There are two main types of PV—traditional crystalline silicon and newer thin-film PV. In 2010, crystalline silicon production was more than double the output of 2009, accounting for over 80 percent of all PV produced. While thin-film production did not keep pace, it still grew by more than 60 percent. First Solar, a U.S. firm, maintained its leadership role in thin-film production, accounting for over 40 percent of world output, most of it produced in Malaysia.

Data provided to Earth Policy Institute by GTM Research show that Chinese manufacturers again dominated the global industry in 2010, with close to 11,000 megawatts of PV cell production. This was the seventh consecutive year in which China at least doubled its PV output. Taiwan was a distant second with 3,600 megawatts produced, followed by Japan with 2,200 megawatts, Germany with 2,000 megawatts, and the United States with 1,100. The top five countries thus accounted for 82 percent of total world PV production.

While Germany ranks fourth in solar cell manufacturing, it towers above all other countries in terms of actual electricity generation from solar panels. Germany has widened its lead in this category each year since overtaking Japan in 2004 and, after adding 7,400 megawatts in 2010, now boasts 17,200 megawatts of installed PV. This is more than 40 percent of global capacity and over four times the 3,800 megawatts in Spain, the number two country. PV in Germany now generates enough electricity to meet the power demand of some 3.4 million German homes.

Japan installed close to 1,000 megawatts of new PV capacity in 2010. It is the third-ranked country in installed PV, with a total of 3,600 megawatts. As solar adoption accelerates in Japan, its national target of 28,000 megawatts by 2020 may be easily surpassed, especially as the country weighs energy alternatives following the March 2011 Fukushima nuclear disaster.

By nearly doubling its total PV power capacity in 2010, Italy vaulted past the United States to claim the fourth position in the world solar rankings, with 3,500 megawatts. With an expected 8,000 megawatts of new PV in 2011, likely overtaking Germany in new installations, Italy will have already exceeded its official 2020 goal of 8,000 megawatts. Enel, Italy’s leading utility, sees the country reaching 30,000 megawatts by 2020—enough to satisfy half of its current residential electricity needs.

PV capacity in the United States also saw strong growth in 2010, increasing by more than 50 percent to reach 2,500 total megawatts. California, which now has more than 1,000 megawatts connected to the grid, again led all states in new PV installations. But a number of other states, including New Jersey, Nevada, and Arizona, are ramping up their solar capacity as well, driven by programs and incentives at the state and federal levels.

Solar PV array in China
Solar PV arrays in China now attract generous subsidies. Photo: Steve Willcox

Until very recently, China’s status as PV manufacturing powerhouse had not translated into much solar generation at home, as panels were seen as too expensive in the domestic market.
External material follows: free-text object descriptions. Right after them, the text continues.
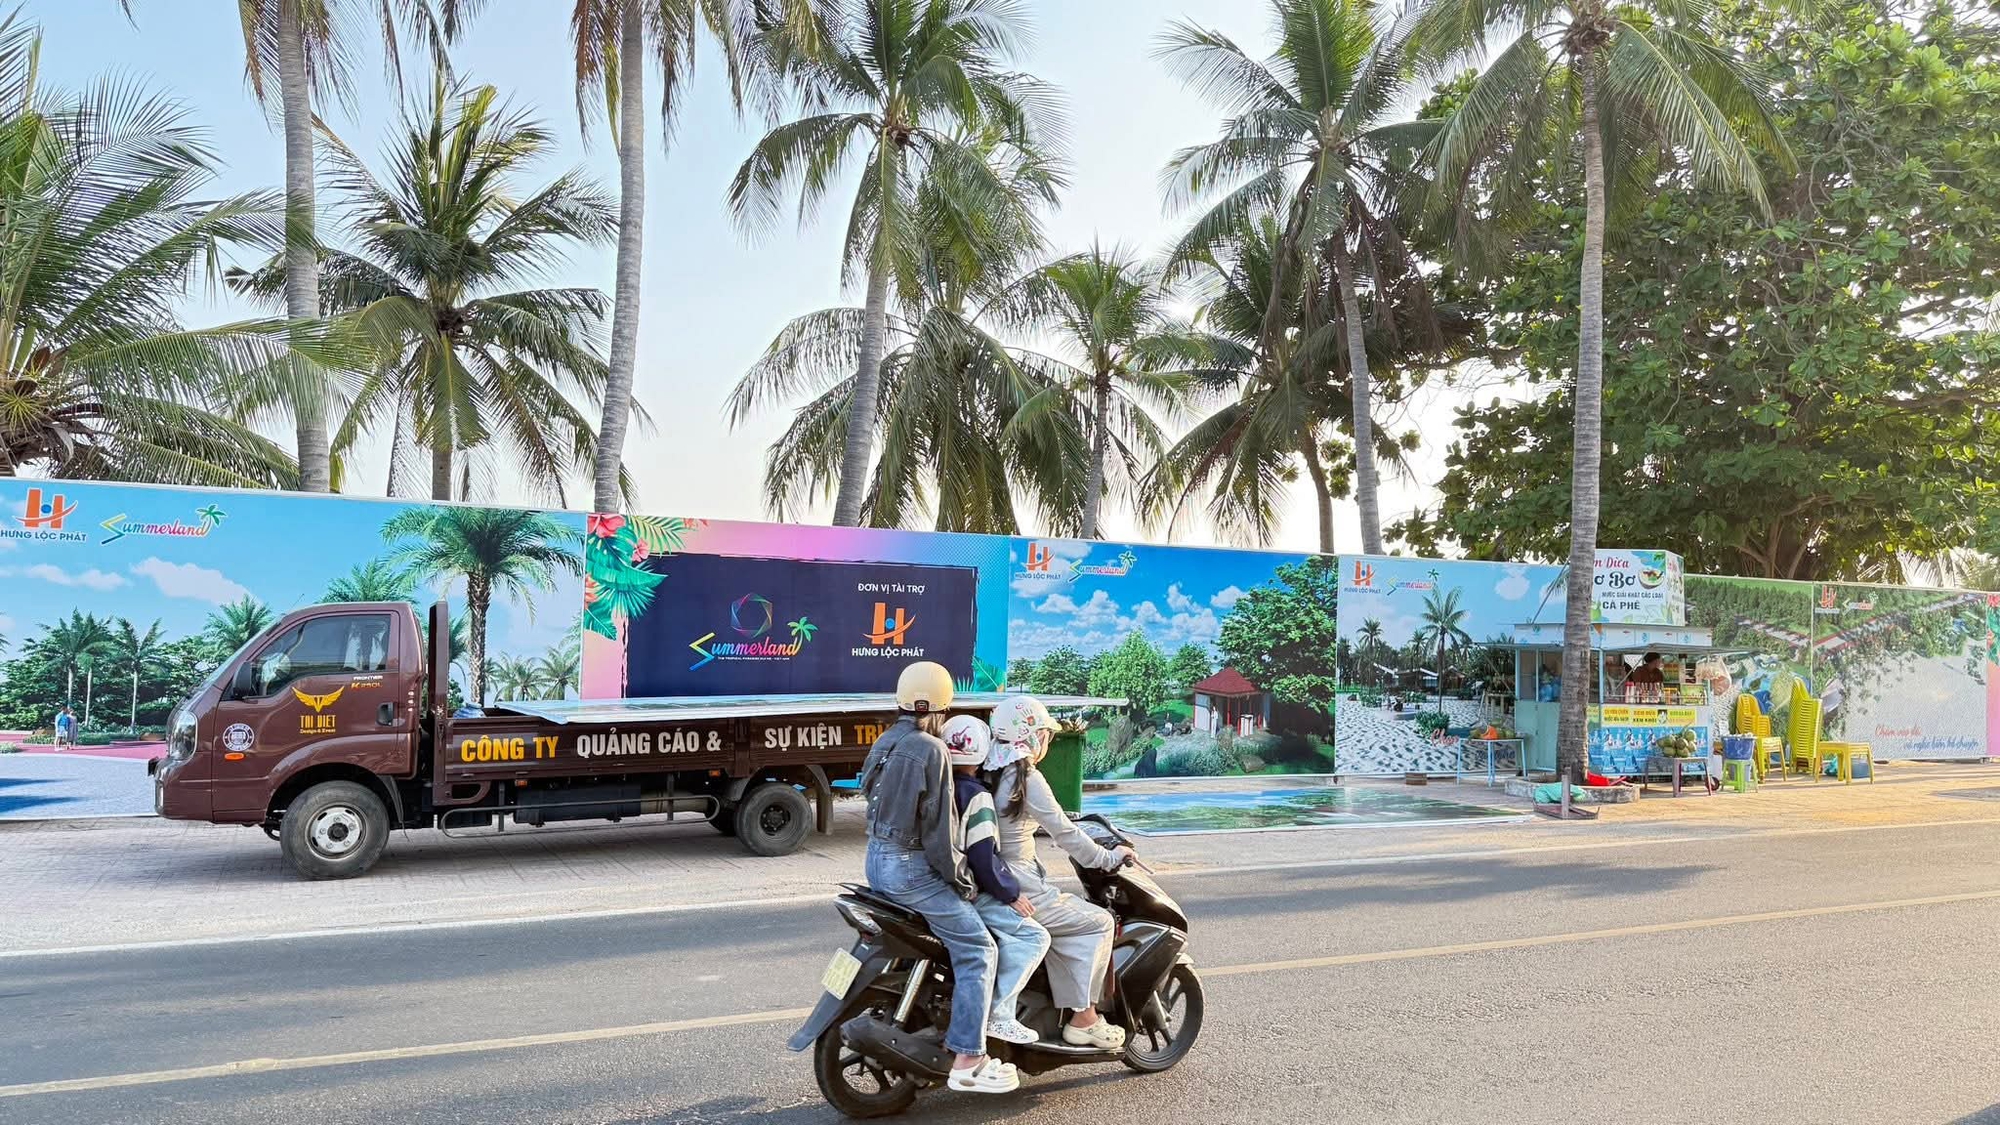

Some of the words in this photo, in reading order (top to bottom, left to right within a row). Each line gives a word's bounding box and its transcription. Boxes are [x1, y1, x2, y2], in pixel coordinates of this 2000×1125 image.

[1, 531, 32, 539] HƯNG
[35, 530, 57, 542] LỘC
[60, 532, 87, 542] PHÁT
[100, 511, 211, 545] Summerland
[1033, 572, 1045, 580] LỘC
[1069, 560, 1127, 582] Summerland
[858, 583, 879, 592] ĐƠN
[881, 584, 890, 595] VỊ
[892, 583, 905, 592] TÀI
[907, 585, 925, 595] TRỢ
[689, 632, 801, 671] Summerland
[851, 647, 879, 656] HƯNG
[881, 646, 900, 658] LỘC
[901, 646, 925, 657] PHÁT
[461, 734, 525, 762] CÔNG
[533, 735, 559, 759] TY
[576, 727, 651, 759] QUẢNG
[657, 727, 700, 753] CÁO
[706, 730, 722, 751] &
[764, 725, 792, 752] SỰ
[797, 722, 842, 750] KIỆN
While the vast majority of Chinese-made PV is sent abroad, a growing government commitment to increasing solar power as part of the energy mix is now catalyzing substantial PV capacity gains. Total installed PV in China grew 140 percent to nearly 900 megawatts in 2010. This was the first full year for the national Golden Sun program, which covers half the investment and grid connection costs of a solar project. It is expected to result in at least 1,000 megawatts of new installations each year after 2012.

Furthermore, in August 2011 China’s main economic planning agency announced it was implementing a national PV feed-in tariff. This policy tool, now used by more than 60 countries, is behind most of the PV already installed worldwide. A feed-in tariff typically guarantees generators of renewable electricity a long-term purchase price for each kilowatt-hour they produce and “feed into” the grid, providing a powerful incentive for installing such systems. Together the Golden Sun program and the new feed-in tariff are likely to push China’s PV capacity to at least double again in 2011—and may help explain why the country’s solar power targets for 2015 and 2020 have reportedly risen to 10,000 and 50,000 megawatts, respectively.

Although the cost of PV has fallen substantially over the decades, solar-generated electricity is not yet widely price-competitive with electricity generated by heavily subsidized fossil fuels. If the full cost of burning fossil fuels, including health effects and the costs of climate change, were incorporated into the price of electricity, PV would quickly be revealed as one of the least expensive sources of power.

As system costs continue to drop, the PV landscape is evolving to include not only traditional small-scale PV installations but also utility-scale parks of tens, hundreds, or even thousands of megawatts. An 80-megawatt PV park completed in Canada in 2010 was the world’s largest until September 2011, when a newly-expanded PV complex of close to 150 megawatts in northeastern Germany claimed the title. As of late 2011, the United States had 48 PV projects of 100 megawatts or more in the pipeline, including a 5,000-megawatt park to be sited on degraded farmland in California’s San Joaquin Valley. At peak generation, this solar facility’s electricity output would rival that of five large nuclear power plants.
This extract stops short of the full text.